Ja, mit den Belastungspaketen haben Sie recht: Besonders dort, wo Rot und Grün regieren, siehe Wien.

Im Mittelalter sperrten Raubritter die Donau quer mit Ketten und...

stierten die Handelsschiffe ab. Heute legt man uns die Vasilinu quer und stiert uns per Bankeinzug über grotesk hohe Kommunalabgaben und erfundener Steuern ab.
Die Ketten waren ehrlicher.

serro - ein blinder spricht von den farben ...

sie sind als poster wohlbekannt.

rot/grün verdammen, schwarz/blau ist super, auch wenn dort der sumpf am meisten stinkt.

also nicht von farben sprechen, wenn man zumindest auf einem auge blind ist.

Ihr Problem ist das Negieren des Sockenträger Theorem...

das sie auf Grund ihrer hartleibigen Sturheit die Sie zwingt die Realität zu negieren Sie nicht in der Lage sind zu erkennen, dass ein Sumpf eben kein parteipolitisches Mascherl hat. Das Kennzeichen von Idiot:ie ist oft die Vereinfachung komplexer Zusammenhänge. In diesem Fall ist es genau umgekehrt - die Sache ist ganz einfach:
Alle Sockenträger können Gauner sein - egal welche Farbe die Socken haben.
Und jetzt ersetzen Sie in dem vorhergehenden Satz das Wort "Socken" gegen "Politiker".

comprende?

Unglaublich

Die Bundesfinanzierungsagentur überweist Steuergeld in der Höhe von 650 Mio Euro nach Salzburg damit die Leute dort zocken können?

... das ist ein Skandal!

Wissen die nicht, dass Länder keine Investmentbanken sind?

Am Land holt man sich externe Berater (erinnert mich an Hochegger und Maischberger Geschichten). Diese Experten sind doch nichts anderes als bezahlte Insider die ihre Informationen an Banken weiterverkaufen. Wie naiv (oder kriminell) muss man sein um so zu tun als wäre das nicht offensichtlich.

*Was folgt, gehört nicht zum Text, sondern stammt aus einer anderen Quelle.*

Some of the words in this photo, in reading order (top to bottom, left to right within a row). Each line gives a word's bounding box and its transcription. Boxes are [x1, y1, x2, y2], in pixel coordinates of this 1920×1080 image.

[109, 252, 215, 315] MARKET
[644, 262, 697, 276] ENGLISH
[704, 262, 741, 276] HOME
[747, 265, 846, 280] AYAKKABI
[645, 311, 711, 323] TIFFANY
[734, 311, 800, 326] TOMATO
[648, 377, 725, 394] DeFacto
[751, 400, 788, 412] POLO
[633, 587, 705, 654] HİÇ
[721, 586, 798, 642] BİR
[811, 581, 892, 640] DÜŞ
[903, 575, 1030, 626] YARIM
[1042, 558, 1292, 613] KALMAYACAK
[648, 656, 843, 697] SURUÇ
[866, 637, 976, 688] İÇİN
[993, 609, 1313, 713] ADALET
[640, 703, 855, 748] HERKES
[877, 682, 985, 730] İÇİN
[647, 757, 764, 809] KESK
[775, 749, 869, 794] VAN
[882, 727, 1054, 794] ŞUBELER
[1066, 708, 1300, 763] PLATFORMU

Es ist dermaßen absurd, dass ich es nicht glauben will.

Klassische Mafia - man nützt zur Verschleierung von Kickbackgeschäften mit Banken grandios naive (oder kriminelle) Landespolitiker.

Ein Mann im Bund, einer am Land, dazu zwei Berater die "Gegengeschäfte" abwickeln....

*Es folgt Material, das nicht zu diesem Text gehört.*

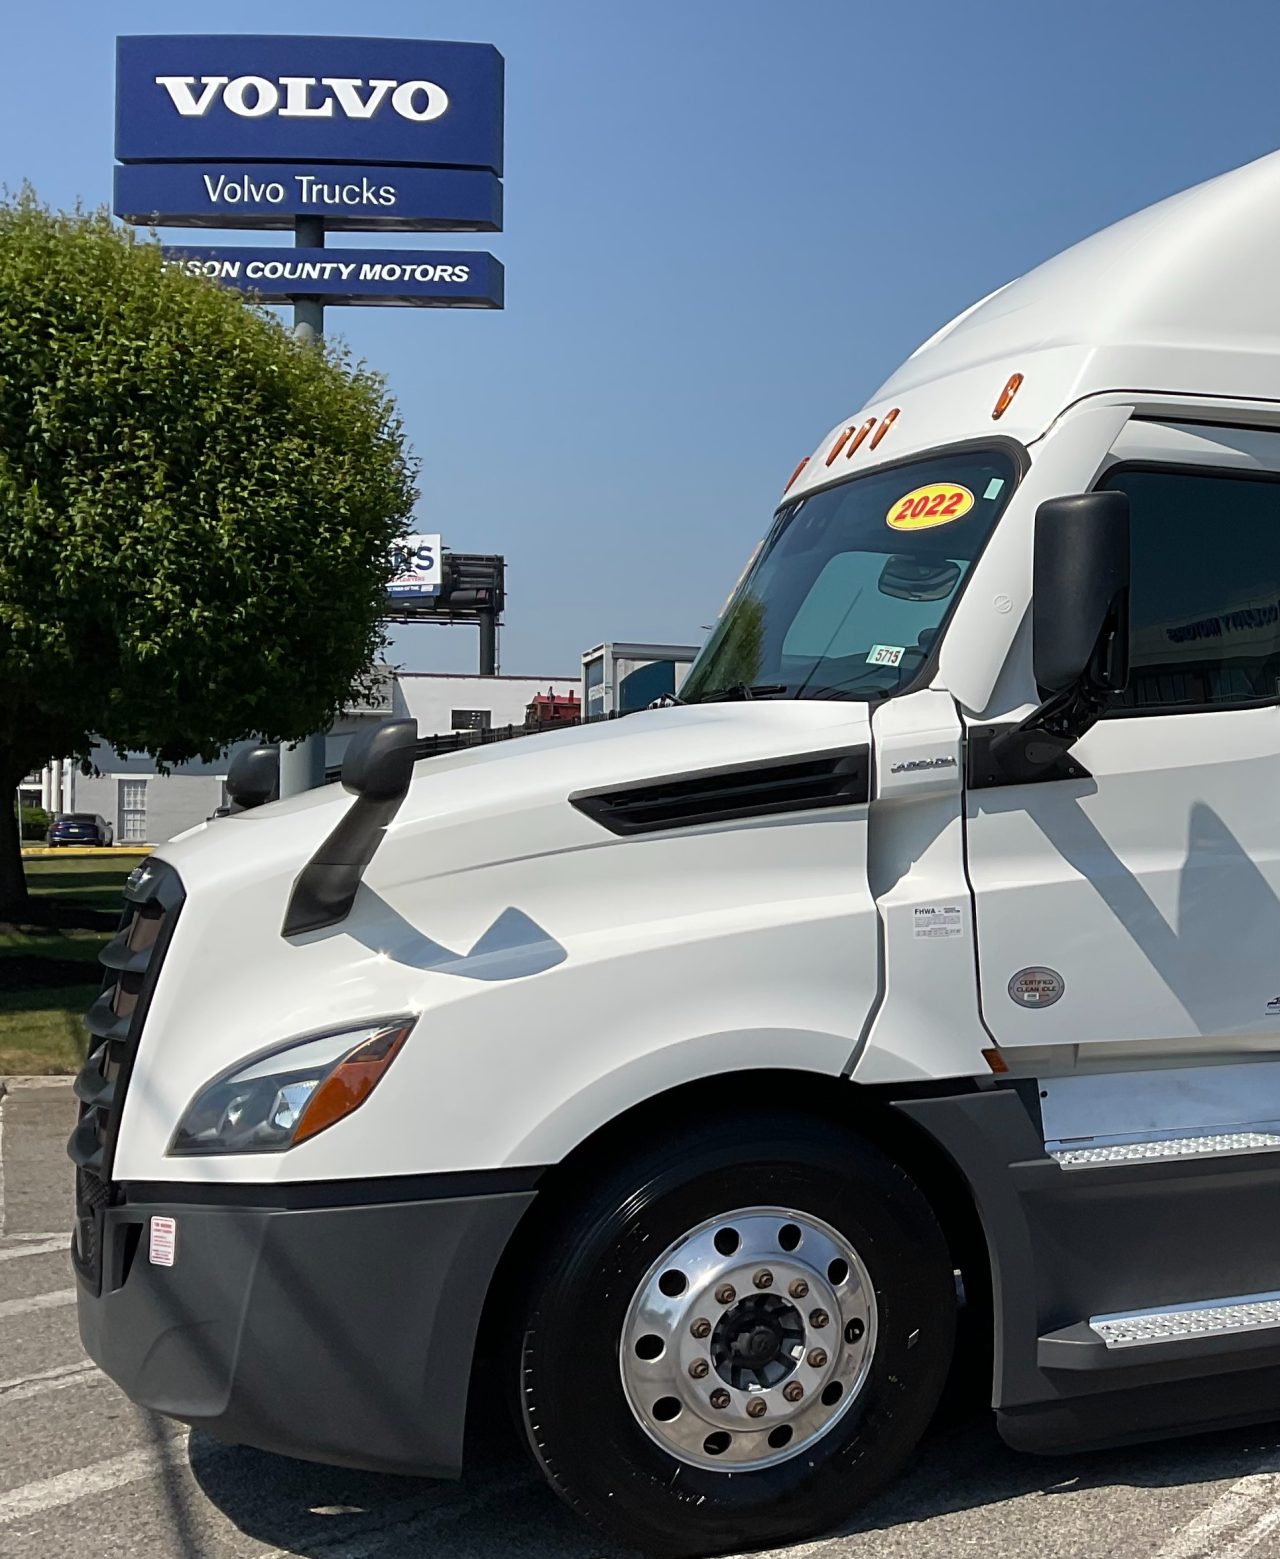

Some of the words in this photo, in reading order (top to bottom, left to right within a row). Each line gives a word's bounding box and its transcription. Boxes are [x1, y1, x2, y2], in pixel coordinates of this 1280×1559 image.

[155, 75, 448, 121] VOLVO
[203, 174, 284, 202] Volvo
[295, 175, 396, 205] Trucks
[246, 261, 356, 279] COUNTY
[359, 264, 469, 282] MOTORS
[893, 492, 964, 522] 2022
[876, 649, 901, 664] 5715
[914, 907, 936, 915] FHWA

Die externen Berater sagen was gekauft und verkauft werden soll und die Bank im Hintergrund weiß immer schon was passieren wird am Markt und kauft entsprechende Produkte bevor das Land die Preise in die Höhe treibt und verkauft Produkte und kauft die entsprechenden PUT-Optionen bevor das Land diese Produkte wieder verkauft. Das selbe Schicksal hat die BAWAG ereilt.

Mich würde nicht wundern, wenn die "Experten" auch für amerikanische oder britische Banken arbeiten würden.

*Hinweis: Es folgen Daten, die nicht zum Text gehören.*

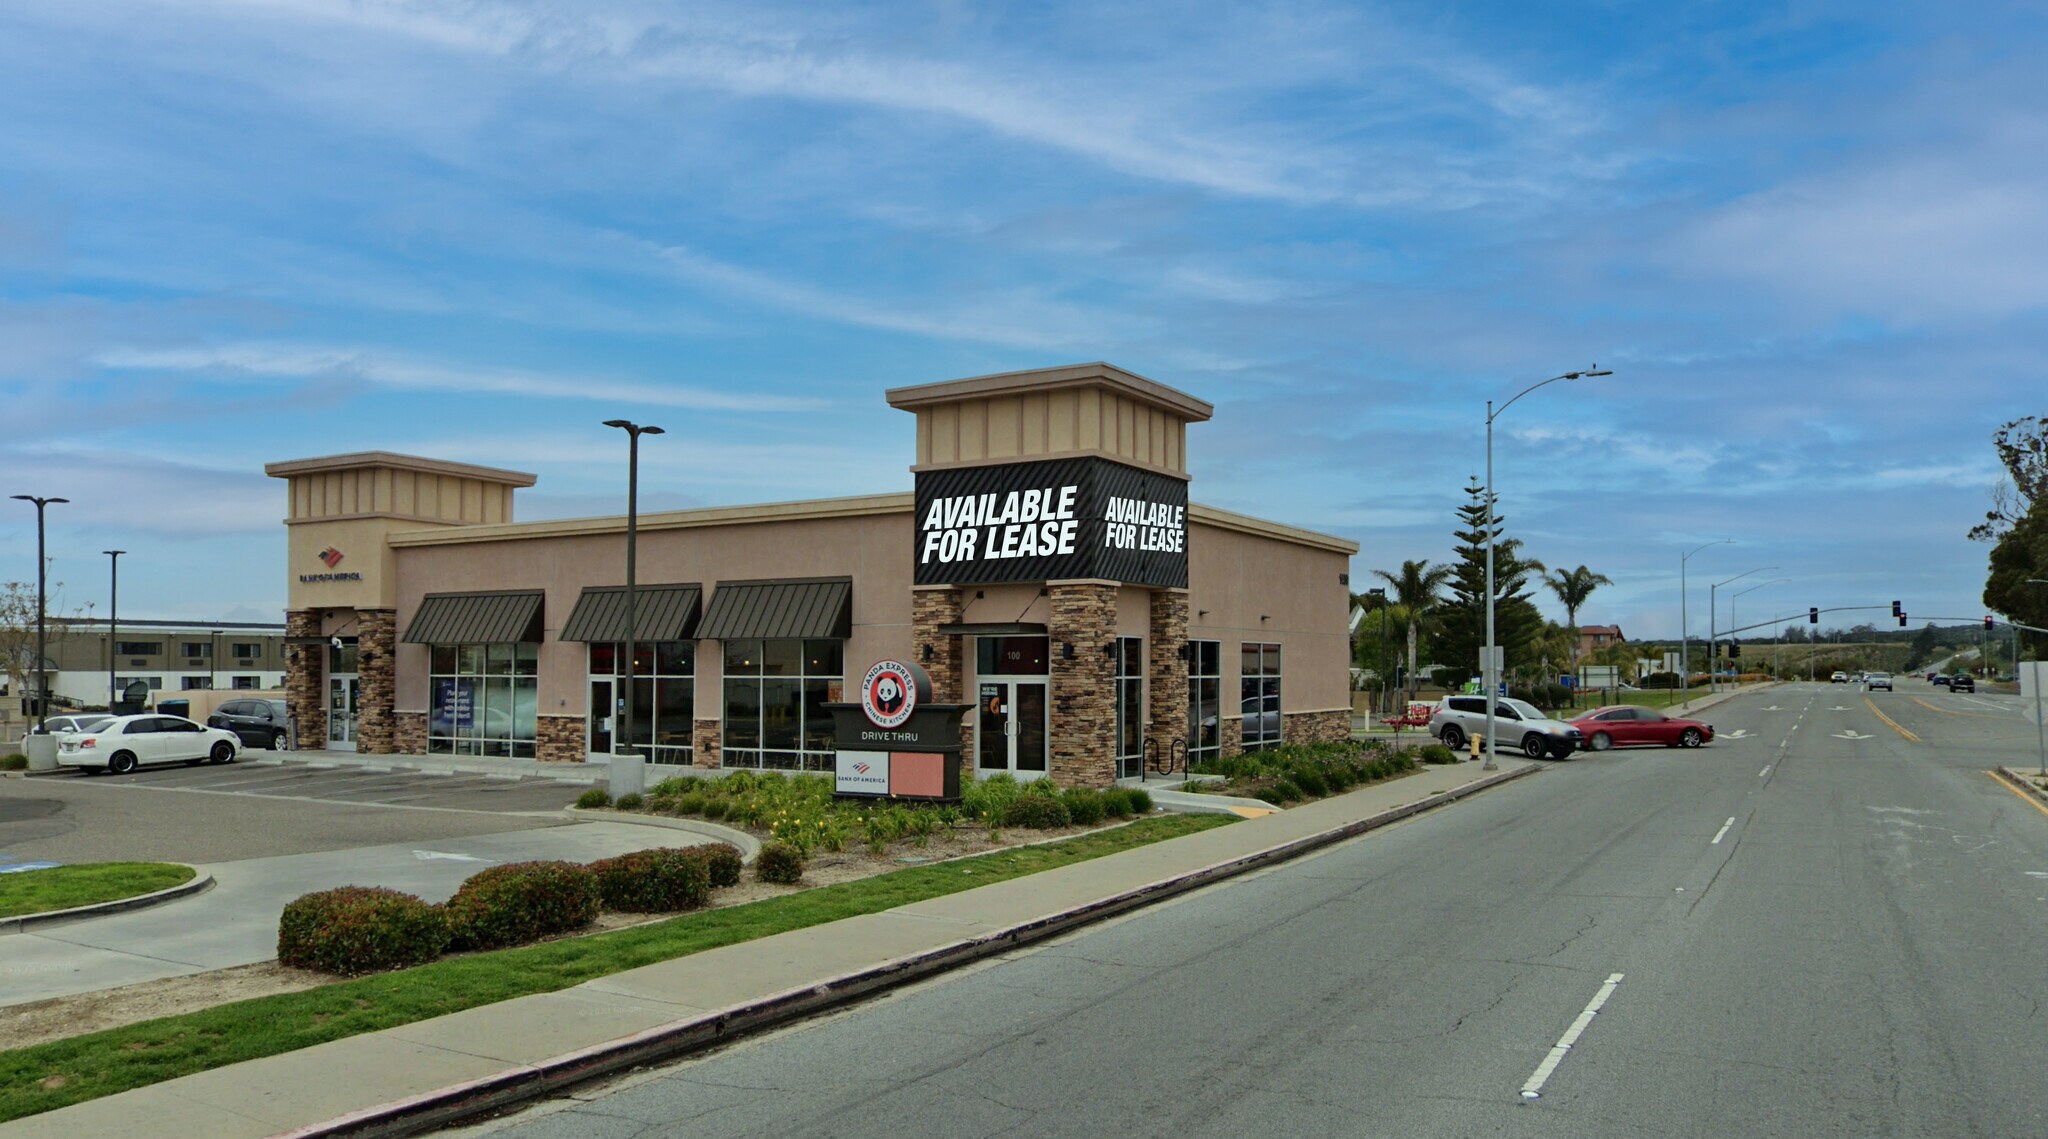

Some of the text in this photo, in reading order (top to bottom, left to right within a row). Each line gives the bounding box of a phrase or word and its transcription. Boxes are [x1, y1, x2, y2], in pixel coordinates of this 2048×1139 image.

[922, 485, 1078, 531] AVAILABLE
[1104, 496, 1184, 529] AVAILABLE
[921, 519, 1079, 564] FOR LEASE
[1105, 522, 1184, 553] FOR LEASE
[1007, 651, 1020, 660] 100
[863, 662, 914, 691] PANDA EXPRESS
[865, 702, 912, 725] CHINESE KITCHEN
[861, 731, 918, 742] DRIVE THRU

Dieses Land muss dringent trocken gelegt werden!

Re: Unglaublich aber wahr

genau so läuft es.
Das Myzel der "Experten" nutzt die Trägheit des Systems und die Unwissenheit der politische Verantwortlichen - die glauben eine riesen Reibach (kassieren unter der Hand ein Butterbrot kickback) einzufahren.
In Wirklichkeit werden sie rasiert und mit ihnen der Steuerzahler bis unter die Lederhaut.